### Extracted records
•••

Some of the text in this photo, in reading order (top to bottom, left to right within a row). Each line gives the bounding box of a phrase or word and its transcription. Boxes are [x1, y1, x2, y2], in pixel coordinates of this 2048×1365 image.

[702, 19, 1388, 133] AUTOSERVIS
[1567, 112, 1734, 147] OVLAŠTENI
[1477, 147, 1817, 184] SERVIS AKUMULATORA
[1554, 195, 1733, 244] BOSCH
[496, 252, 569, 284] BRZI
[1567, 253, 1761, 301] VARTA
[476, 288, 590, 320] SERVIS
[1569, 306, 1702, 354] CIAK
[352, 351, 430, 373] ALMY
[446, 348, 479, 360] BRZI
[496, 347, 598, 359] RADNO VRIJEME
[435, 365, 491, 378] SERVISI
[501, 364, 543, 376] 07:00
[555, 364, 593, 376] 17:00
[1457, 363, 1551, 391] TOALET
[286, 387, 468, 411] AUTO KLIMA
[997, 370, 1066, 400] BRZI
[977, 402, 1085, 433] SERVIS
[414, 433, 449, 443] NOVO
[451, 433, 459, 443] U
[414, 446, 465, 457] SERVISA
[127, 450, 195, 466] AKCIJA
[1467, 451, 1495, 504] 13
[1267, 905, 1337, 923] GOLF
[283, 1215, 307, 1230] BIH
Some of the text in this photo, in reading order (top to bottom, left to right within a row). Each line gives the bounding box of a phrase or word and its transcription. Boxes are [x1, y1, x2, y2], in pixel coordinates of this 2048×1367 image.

•••

### Work to complete
The answer must reproduce every record exactly.

### Solution to this exercise
Some of the text in this photo, in reading order (top to bottom, left to right within a row). Each line gives the bounding box of a phrase or word and its transcription. Boxes are [x1, y1, x2, y2], in pixel coordinates of this 2048×1365 image.

[702, 19, 1388, 133] AUTOSERVIS
[1567, 112, 1734, 147] OVLAŠTENI
[1477, 147, 1817, 184] SERVIS AKUMULATORA
[1554, 195, 1733, 244] BOSCH
[496, 252, 569, 284] BRZI
[1567, 253, 1761, 301] VARTA
[476, 288, 590, 320] SERVIS
[1569, 306, 1702, 354] CIAK
[352, 351, 430, 373] ALMY
[446, 348, 479, 360] BRZI
[496, 347, 598, 359] RADNO VRIJEME
[435, 365, 491, 378] SERVISI
[501, 364, 543, 376] 07:00
[555, 364, 593, 376] 17:00
[1457, 363, 1551, 391] TOALET
[286, 387, 468, 411] AUTO KLIMA
[997, 370, 1066, 400] BRZI
[977, 402, 1085, 433] SERVIS
[414, 433, 449, 443] NOVO
[451, 433, 459, 443] U
[414, 446, 465, 457] SERVISA
[127, 450, 195, 466] AKCIJA
[1467, 451, 1495, 504] 13
[1267, 905, 1337, 923] GOLF
[283, 1215, 307, 1230] BIH
Some of the text in this photo, in reading order (top to bottom, left to right within a row). Each line gives the bounding box of a phrase or word and its transcription. Boxes are [x1, y1, x2, y2], in pixel coordinates of this 2048×1367 image.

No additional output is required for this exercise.